В своем архетипическом виде обряд инициации включает три стадии: (1) утрата исходного социального статуса и отстранение от жизни в ее привычной форме; (2) лиминальное состояние (обозначенное, как правило, через ритуальную смерть) и (3) возвращение/воскрешение, сопровождающееся обретением эзотерического знания и нового имени. Процитированный выше эпизод соответствует второй, самой важной и опасной стадии. События, предшествующие сошествию героя в «подземный мир» метро, можно интерпретировать как предсмертное состояние, спровоцированное странным психическим заболеванием, которое побуждает героя бросить привычное существование и предаться бесцельным блужданиям по парижским улицам. Резкая перемена житейских обстоятельств приводит к трансформации сознания, галлюцинациям, параличу воли и обострению чувственного восприятия: «Непостижимый процесс перемещения внимания вызвал даже известное обострение его чувств, в особенности слуха и зрения; но та область, где обычно находились все вопросы, связанные с его материальным устройством, становилась для него закрытой»[244]
. «Протокол» умирания героя включает в себя постепенную утрату способности любить и отчуждение от близких людей, состояние полусна-полуяви, «потерю времени» и искажение пространства – так что прогулка по ночным улицам превращается в путешествие по бесконечному черному туннелю. Время от времени ему приходит в голову, что он совершает путешествие (как и туннель, путешествие – поэтическая метафора смерти), и он сравнивает себя с «мертвой рыбой, увлекаемой течением»[245]. На перемещение героя в царство смерти указывает и традиционный символ реки, возникающий в его воображении, когда он смотрит на двойной ряд зажженных фонарей на Елисейских Полях. Через четыре дня после приступа странной болезни, когда «действительность исчезла» и его «способность жизненной ориентации окончательно потерялась»[246], он спускается ко входу в метро, где ему снится мистический сон. Этот эпизод содержит отсылки к различным духовным практикам, в которых сон считается переходной стадией, способствующей трансформации сознания и погружению в трансцендентную реальность.Период блуждания по Парижу (или постепенного «умирания») и последующая «смерть»/сон соответствуют первой и второй стадиям обряда инициации. Третья, заключительная стадия начинается утром, когда герой просыпается и выходит на поверхность, чувствуя, «точно он вышел из подземелья в открытое поле»[247]

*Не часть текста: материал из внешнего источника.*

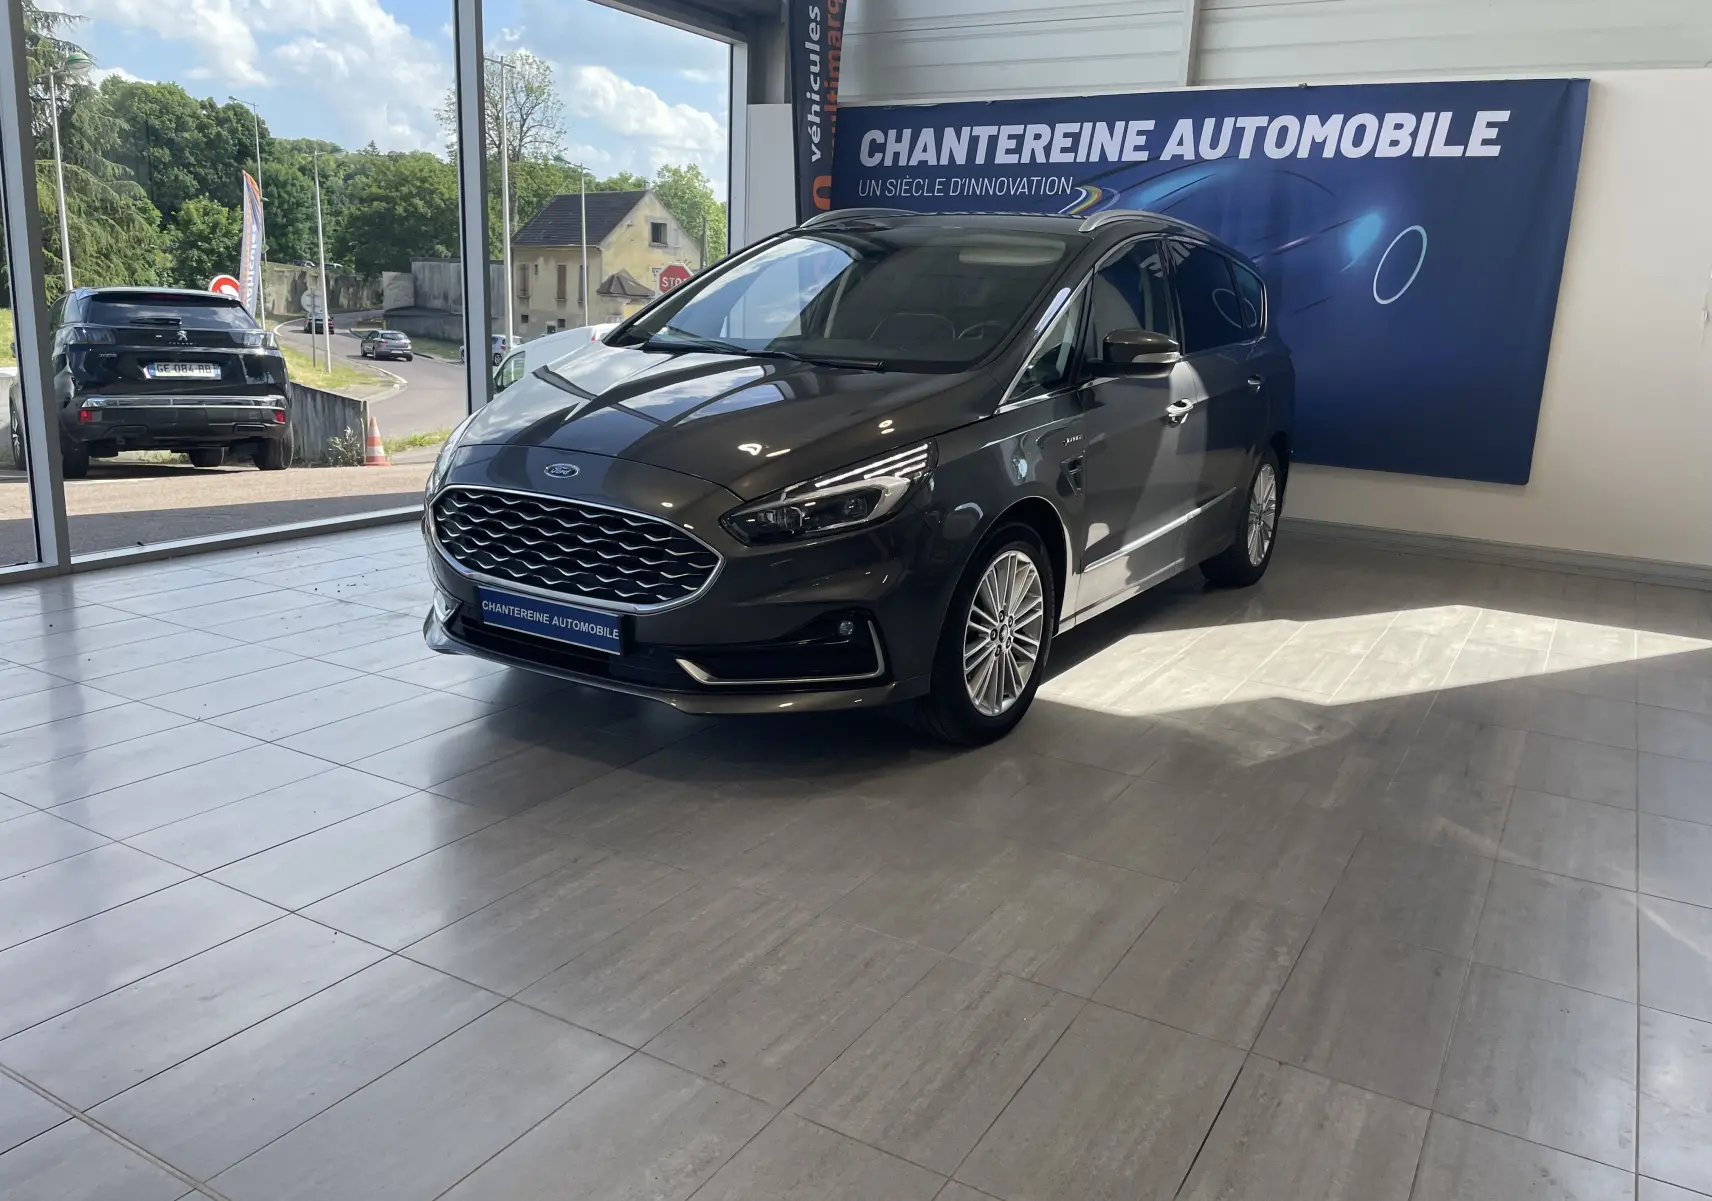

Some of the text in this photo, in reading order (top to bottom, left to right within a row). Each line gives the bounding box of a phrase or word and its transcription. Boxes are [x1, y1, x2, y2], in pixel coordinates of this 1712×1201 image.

[805, 5, 823, 162] véhicules
[859, 110, 1511, 167] CHANTEREINE AUTOMOBILE
[858, 174, 1074, 197] UN SIÈCLE D'INNOVATION
[662, 276, 687, 288] STO
[482, 600, 620, 640] CHANTEREINE AUTOMOBILE

. Роль «открытого поля» исполняют Елисейские Поля – прозрачная отсылка к мифическому Элизию. В этот момент умственные способности героя начинают восстанавливаться, однако процесс инициации завершается лишь несколько дней спустя, когда героя арестовывают под Триумфальной аркой (еще один архетипический инициальный локус) и временно помещают в тюрьму (что в буквальном смысле соответствует периоду изоляции, обязательной составной части любого обряда инициации). В итоге он оказывается перед судьей, который, взвесив его «грехи» (отсутствие документов, постоянного адреса и работы), решает его отпустить. Символическое странствие героя в Аид завершается благополучно: его фотографируют, снимают отпечатки пальцев, он получает документы и обретает новый социальный статус.Основная цель и итог всякого обряда инициации – обретение сакрального знания. В рассказе Газданова герой, глядя на свое неподвижное тело глазами змеи, начинает осознавать неоднозначность человеческой природы и свою собственную двойственность. Мотив внутреннего раздвоения находит выражение в самой повествовательной структуре рассказа. В самом начале гомодиегетический нарратор сознается в том, что до некоторой степени отождествляет себя со своим другом (героем рассказа): «Рассказы его всегда носили несколько беспорядочный характер; и все-таки я слушал их с интересом, ибо нередко в том, что он говорил, я узнавал свои собственные мысли»[248]
. В этом содержится намек на то, что странный эпизод, изложенный в рассказе, на деле мог произойти с самим рассказчиком. Создав анонимного «друга» и прибегнув к повествованию от третьего лица, он декларирует намерение взглянуть на себя со стороны.Не исключено, что образ змеи, обвившейся вокруг человеческого тела, как и весь рассказ «Фонари», отражает увлечение Газданова масонскими обрядами[249]
. Примечательно, что рассказ был опубликован за год до его вступления в масонскую ложу[250]. Эмблема с изображением змеи традиционно украшала ритуальные фартуки масонов, как постоянное напоминание о неразрывной связи между «низшими» и «высшими» формами бытия. Эту традицию можно интерпретировать и в более широком контексте воспринятой масонами древнеегипетской символики: змея ассоциировалась с бесконечным циклом рождений и считалась хранительницей эзотерического знания, в том числе и тайны внутреннего потенциала каждого человека, а также являлась знаком высокого статуса (змеи украшали головные уборы фараонов и бога Ра).